Histoire
- Ainsi donc vous faites une enquête sur les strigoïs.
- Tout à fait, j’aimerais enregistrer avec mon dictaphone ce que vous dites et ensuite tout retranscrire sur papier.
- Ne craignez-vous pas d’être pris pour un fou par vos semblables ?
- Oh ce ne sera pas publié, je constitue des dossiers pour le gouvernement, les plus vieux strigoïs sont les plus dangereux mais aussi les plus intéressants.« Dois-je réellement vous conter mes 1253 années d’existence ? Il y en aurait des choses passionnantes à en dire, mais il faudrait que j’écrive plusieurs livres pour cela. Alors je vais plutôt vous raconter l’histoire de ma vie avant ma mort et renaissance, de ce que j’étais en tant qu’humain. Je n’ai ni été dhampir ni moroï, mais ça ne m’a pas empêché de les coloniser et de faire de certains mes esclaves. A mon époque la religion était quelque chose de sacré, tout le monde appartenait à une croyance et le peu de personnes qui se considéraient athées finissaient la tête coupée. La plupart des conflits de mon époque étaient d’ailleurs d’ordre religieux, nous étions souvent confrontés aux chrétiens qui avaient pour dieu un certain Jésus-Christ, vous le connaissez tous. De notre côté les dieux étaient beaucoup plus nombreux : Odin, Frigg, Thor, Loki, Freyja... Je ne vais pas tous vous les citer, mais chacun a sa signification et son importance. Aujourd’hui mes dieux se sont éteints dans l’esprit de l’Homme, ne représentant plus que des légendes pour certains, plus grand-chose en réalité alors que leur petit Christ continue de vivre dans les esprits. Je crois que je ne comprendrais jamais. »
- Parlez-moi un peu plus de votre peuple, de votre réputation.« Qui suis-je ? Un normand, païen, barbare, homme du Nord, géant, il y a eu des tas de nom pour identifier mon peuple, mais un seul les représente tous : Viking. Je n’étais qu’un homme parmi tant d’autres à mes débuts, un Bondi, aussi appelé homme libre.

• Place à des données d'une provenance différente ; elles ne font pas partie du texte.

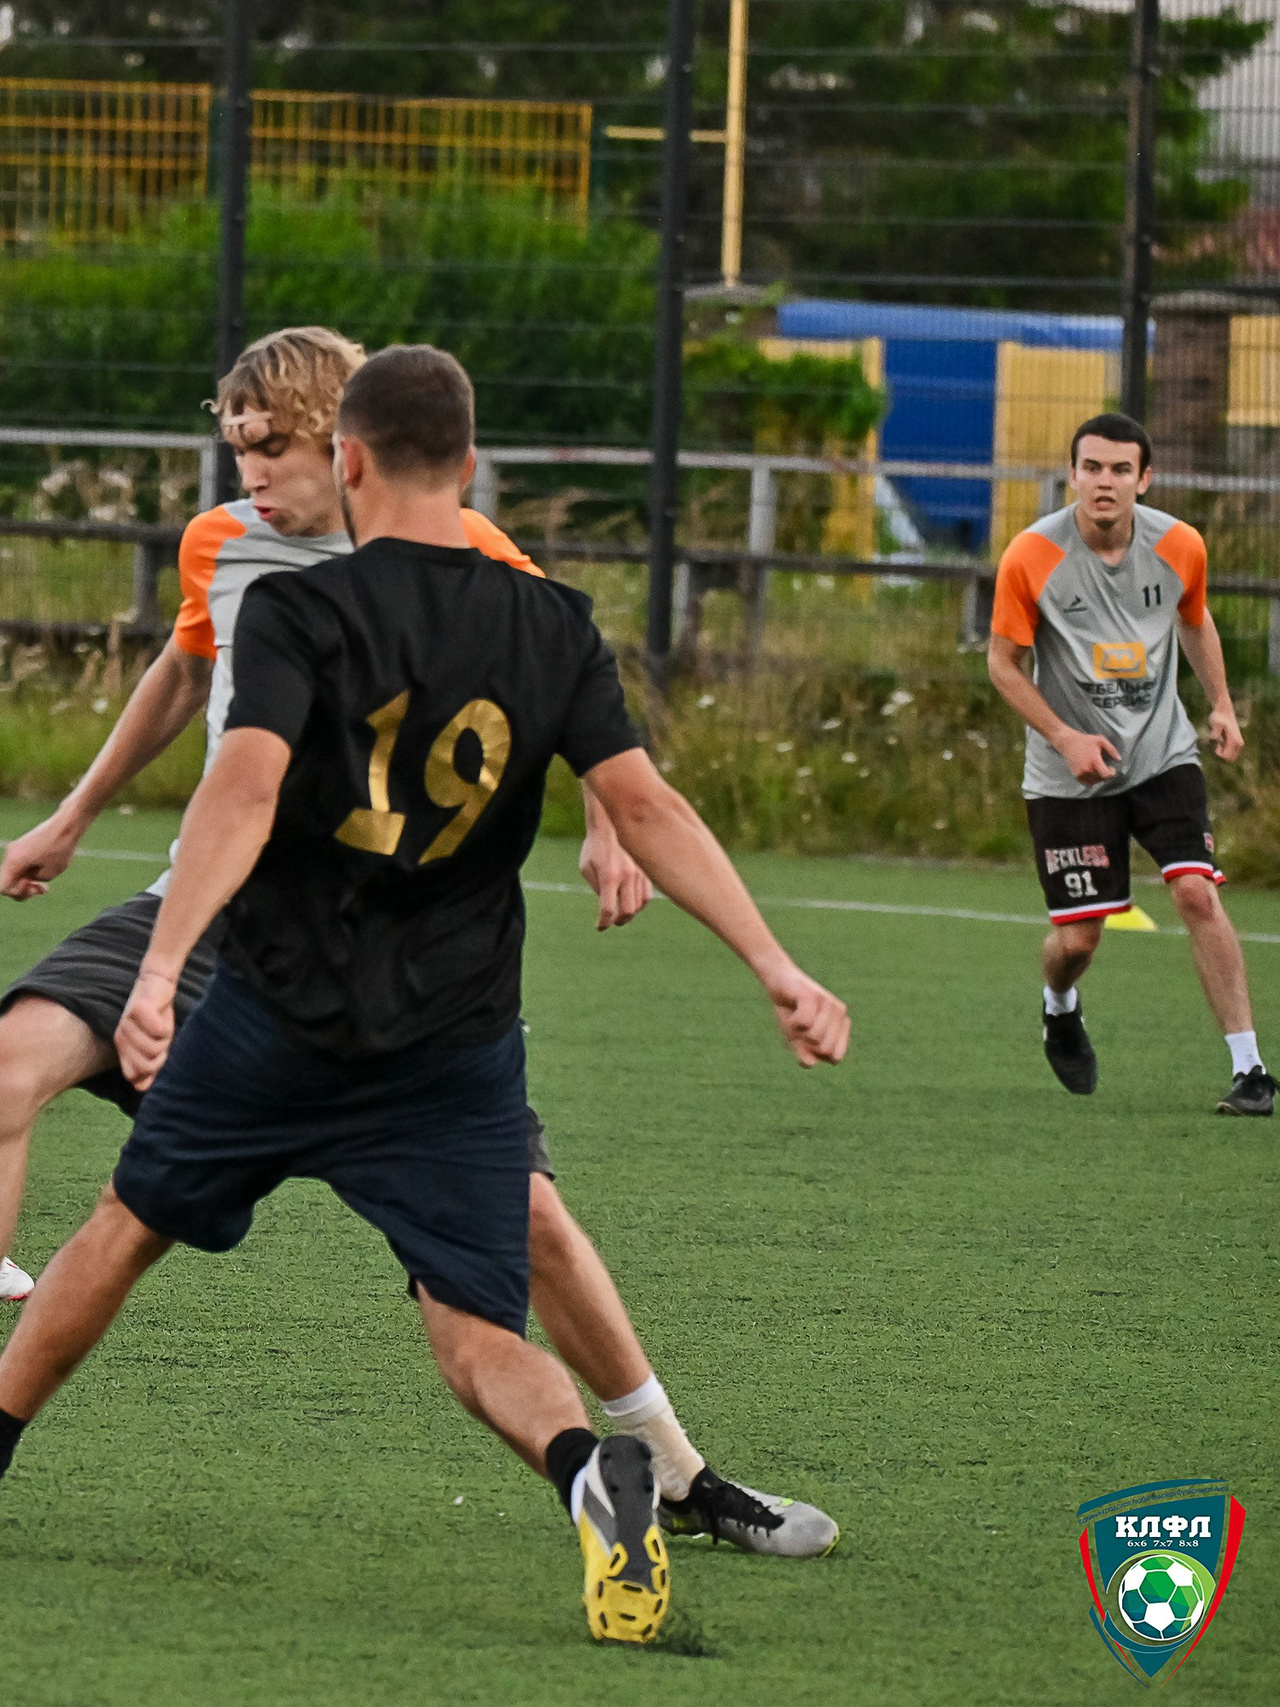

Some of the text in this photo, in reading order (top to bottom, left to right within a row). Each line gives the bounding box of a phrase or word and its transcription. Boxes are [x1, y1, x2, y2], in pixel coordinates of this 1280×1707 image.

Un combattant qui se battait vaillamment pour son chef, mais j’étais aussi plus malin et beaucoup plus curieux que la plupart de mes compères. J’avais soif de découvertes, envie de nouveautés, et pour un homme libre je trouvais que je ne l’étais pas assez. Heureusement j’ai tout de même la patience et l’analyse de mon côté. J’ai attendu le bon moment pour prendre le pouvoir, attendu que les autres combattants se rangent de mon côté, attendu que notre Jarl commette des erreurs et enfin j’ai pu le renverser et prendre sa place. Gouverner n’est pas fait pour n’importe qui, mais c’était un poste taillé sur mesure pour moi. »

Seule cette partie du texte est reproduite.